Aim of the exercise: Could you repeat, word for word, only the lines from the one containing "this 2240×1260 image." through the final line of the records below?

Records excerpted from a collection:

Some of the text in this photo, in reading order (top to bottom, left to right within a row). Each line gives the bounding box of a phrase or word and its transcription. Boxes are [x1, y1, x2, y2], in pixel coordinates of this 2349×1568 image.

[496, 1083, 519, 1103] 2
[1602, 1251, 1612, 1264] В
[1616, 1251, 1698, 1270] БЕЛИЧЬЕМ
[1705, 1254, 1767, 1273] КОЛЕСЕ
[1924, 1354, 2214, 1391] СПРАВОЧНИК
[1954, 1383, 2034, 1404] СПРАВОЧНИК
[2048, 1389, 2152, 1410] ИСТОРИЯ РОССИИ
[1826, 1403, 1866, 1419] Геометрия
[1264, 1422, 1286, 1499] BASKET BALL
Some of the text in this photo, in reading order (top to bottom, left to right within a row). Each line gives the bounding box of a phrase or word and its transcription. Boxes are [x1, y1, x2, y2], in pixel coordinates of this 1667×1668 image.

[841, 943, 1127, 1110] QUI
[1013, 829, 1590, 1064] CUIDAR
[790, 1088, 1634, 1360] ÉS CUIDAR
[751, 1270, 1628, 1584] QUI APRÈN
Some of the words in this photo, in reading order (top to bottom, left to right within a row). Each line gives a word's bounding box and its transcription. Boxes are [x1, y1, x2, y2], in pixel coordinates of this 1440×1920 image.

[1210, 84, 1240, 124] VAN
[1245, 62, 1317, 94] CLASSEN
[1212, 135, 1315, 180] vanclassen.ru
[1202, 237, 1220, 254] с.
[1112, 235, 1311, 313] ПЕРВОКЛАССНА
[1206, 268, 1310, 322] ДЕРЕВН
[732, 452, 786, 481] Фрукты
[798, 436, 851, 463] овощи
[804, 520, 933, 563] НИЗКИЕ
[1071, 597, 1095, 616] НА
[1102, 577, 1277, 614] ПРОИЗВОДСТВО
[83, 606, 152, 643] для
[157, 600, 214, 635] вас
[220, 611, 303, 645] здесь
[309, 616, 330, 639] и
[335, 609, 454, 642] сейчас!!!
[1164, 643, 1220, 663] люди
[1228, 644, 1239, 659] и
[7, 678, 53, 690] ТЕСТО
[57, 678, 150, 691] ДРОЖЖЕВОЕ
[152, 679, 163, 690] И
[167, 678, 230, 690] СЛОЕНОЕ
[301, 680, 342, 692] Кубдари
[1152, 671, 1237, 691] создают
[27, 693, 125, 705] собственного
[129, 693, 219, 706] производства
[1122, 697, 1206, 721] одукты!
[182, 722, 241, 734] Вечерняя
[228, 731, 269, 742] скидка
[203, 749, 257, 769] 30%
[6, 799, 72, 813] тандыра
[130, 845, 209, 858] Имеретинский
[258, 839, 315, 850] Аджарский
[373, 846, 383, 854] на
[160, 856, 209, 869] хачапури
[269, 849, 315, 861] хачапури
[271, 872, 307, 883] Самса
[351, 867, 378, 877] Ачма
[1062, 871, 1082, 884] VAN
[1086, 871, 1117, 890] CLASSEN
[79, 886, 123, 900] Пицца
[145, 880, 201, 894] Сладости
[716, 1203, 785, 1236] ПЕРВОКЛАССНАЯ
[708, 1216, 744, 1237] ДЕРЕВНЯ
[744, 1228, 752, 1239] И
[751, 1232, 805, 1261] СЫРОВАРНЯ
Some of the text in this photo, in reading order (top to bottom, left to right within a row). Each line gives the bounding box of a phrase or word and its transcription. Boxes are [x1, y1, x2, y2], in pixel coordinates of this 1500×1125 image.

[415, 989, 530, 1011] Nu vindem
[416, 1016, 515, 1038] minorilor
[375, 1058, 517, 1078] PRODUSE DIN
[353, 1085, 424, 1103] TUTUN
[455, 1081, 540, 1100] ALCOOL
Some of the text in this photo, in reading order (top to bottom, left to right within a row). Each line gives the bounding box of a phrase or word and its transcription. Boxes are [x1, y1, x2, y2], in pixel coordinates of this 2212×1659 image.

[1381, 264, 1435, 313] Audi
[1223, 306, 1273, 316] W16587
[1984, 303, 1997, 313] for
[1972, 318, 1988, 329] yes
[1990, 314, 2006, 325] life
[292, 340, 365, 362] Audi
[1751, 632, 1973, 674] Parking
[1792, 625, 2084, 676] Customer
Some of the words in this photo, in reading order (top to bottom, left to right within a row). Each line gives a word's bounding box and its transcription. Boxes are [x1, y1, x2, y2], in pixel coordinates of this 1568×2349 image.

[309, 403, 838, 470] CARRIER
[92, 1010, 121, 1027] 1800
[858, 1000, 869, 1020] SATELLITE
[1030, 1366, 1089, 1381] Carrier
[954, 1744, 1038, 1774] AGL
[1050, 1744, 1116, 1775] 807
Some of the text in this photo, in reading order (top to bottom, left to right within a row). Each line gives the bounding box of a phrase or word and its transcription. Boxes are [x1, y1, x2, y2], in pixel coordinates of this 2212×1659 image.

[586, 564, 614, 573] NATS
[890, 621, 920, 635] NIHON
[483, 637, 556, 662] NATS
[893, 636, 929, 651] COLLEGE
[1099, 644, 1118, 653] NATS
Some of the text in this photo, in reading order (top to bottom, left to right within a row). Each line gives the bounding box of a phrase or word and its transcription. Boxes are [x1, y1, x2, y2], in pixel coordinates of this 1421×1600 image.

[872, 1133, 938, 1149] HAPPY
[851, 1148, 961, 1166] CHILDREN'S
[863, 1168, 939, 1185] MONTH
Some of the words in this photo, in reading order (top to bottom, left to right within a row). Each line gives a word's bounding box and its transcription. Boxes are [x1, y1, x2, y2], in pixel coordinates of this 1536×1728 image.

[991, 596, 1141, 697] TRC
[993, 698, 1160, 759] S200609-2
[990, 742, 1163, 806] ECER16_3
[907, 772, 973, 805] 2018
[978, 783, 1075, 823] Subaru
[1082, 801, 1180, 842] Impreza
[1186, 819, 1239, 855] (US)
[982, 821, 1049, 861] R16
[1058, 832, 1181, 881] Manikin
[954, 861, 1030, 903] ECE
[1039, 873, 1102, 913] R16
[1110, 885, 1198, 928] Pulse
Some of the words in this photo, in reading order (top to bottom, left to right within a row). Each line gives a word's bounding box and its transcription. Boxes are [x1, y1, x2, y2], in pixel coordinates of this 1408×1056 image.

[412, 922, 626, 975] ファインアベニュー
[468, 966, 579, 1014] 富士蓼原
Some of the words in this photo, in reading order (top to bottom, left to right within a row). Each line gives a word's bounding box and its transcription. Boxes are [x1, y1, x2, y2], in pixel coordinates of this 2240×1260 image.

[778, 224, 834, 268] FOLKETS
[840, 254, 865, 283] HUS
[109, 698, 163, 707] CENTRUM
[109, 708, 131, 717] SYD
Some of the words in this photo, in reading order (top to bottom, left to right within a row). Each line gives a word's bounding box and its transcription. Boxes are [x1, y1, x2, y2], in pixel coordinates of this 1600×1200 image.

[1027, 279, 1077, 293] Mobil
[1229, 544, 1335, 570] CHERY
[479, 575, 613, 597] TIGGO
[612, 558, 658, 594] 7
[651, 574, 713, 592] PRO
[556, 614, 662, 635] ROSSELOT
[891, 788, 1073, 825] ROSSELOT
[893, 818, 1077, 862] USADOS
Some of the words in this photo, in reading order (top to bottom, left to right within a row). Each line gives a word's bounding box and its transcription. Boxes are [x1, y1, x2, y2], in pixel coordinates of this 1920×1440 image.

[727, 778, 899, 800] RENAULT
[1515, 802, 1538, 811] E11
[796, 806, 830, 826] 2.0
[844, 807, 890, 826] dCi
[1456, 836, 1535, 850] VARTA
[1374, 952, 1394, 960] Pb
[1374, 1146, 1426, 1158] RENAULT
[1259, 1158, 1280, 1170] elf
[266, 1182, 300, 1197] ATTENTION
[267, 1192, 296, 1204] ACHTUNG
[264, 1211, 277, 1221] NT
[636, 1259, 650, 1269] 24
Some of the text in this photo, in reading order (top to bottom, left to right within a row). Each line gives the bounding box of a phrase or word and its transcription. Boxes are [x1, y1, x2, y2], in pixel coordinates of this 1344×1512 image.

Exercise response:
Some of the words in this photo, in reading order (top to bottom, left to right within a row). Each line gives a word's bounding box and its transcription. Boxes are [x1, y1, x2, y2], in pixel coordinates of this 2240×1260 image.

[778, 224, 834, 268] FOLKETS
[840, 254, 865, 283] HUS
[109, 698, 163, 707] CENTRUM
[109, 708, 131, 717] SYD
Some of the words in this photo, in reading order (top to bottom, left to right within a row). Each line gives a word's bounding box and its transcription. Boxes are [x1, y1, x2, y2], in pixel coordinates of this 1600×1200 image.

[1027, 279, 1077, 293] Mobil
[1229, 544, 1335, 570] CHERY
[479, 575, 613, 597] TIGGO
[612, 558, 658, 594] 7
[651, 574, 713, 592] PRO
[556, 614, 662, 635] ROSSELOT
[891, 788, 1073, 825] ROSSELOT
[893, 818, 1077, 862] USADOS
Some of the words in this photo, in reading order (top to bottom, left to right within a row). Each line gives a word's bounding box and its transcription. Boxes are [x1, y1, x2, y2], in pixel coordinates of this 1920×1440 image.

[727, 778, 899, 800] RENAULT
[1515, 802, 1538, 811] E11
[796, 806, 830, 826] 2.0
[844, 807, 890, 826] dCi
[1456, 836, 1535, 850] VARTA
[1374, 952, 1394, 960] Pb
[1374, 1146, 1426, 1158] RENAULT
[1259, 1158, 1280, 1170] elf
[266, 1182, 300, 1197] ATTENTION
[267, 1192, 296, 1204] ACHTUNG
[264, 1211, 277, 1221] NT
[636, 1259, 650, 1269] 24
Some of the text in this photo, in reading order (top to bottom, left to right within a row). Each line gives the bounding box of a phrase or word and its transcription. Boxes are [x1, y1, x2, y2], in pixel coordinates of this 1344×1512 image.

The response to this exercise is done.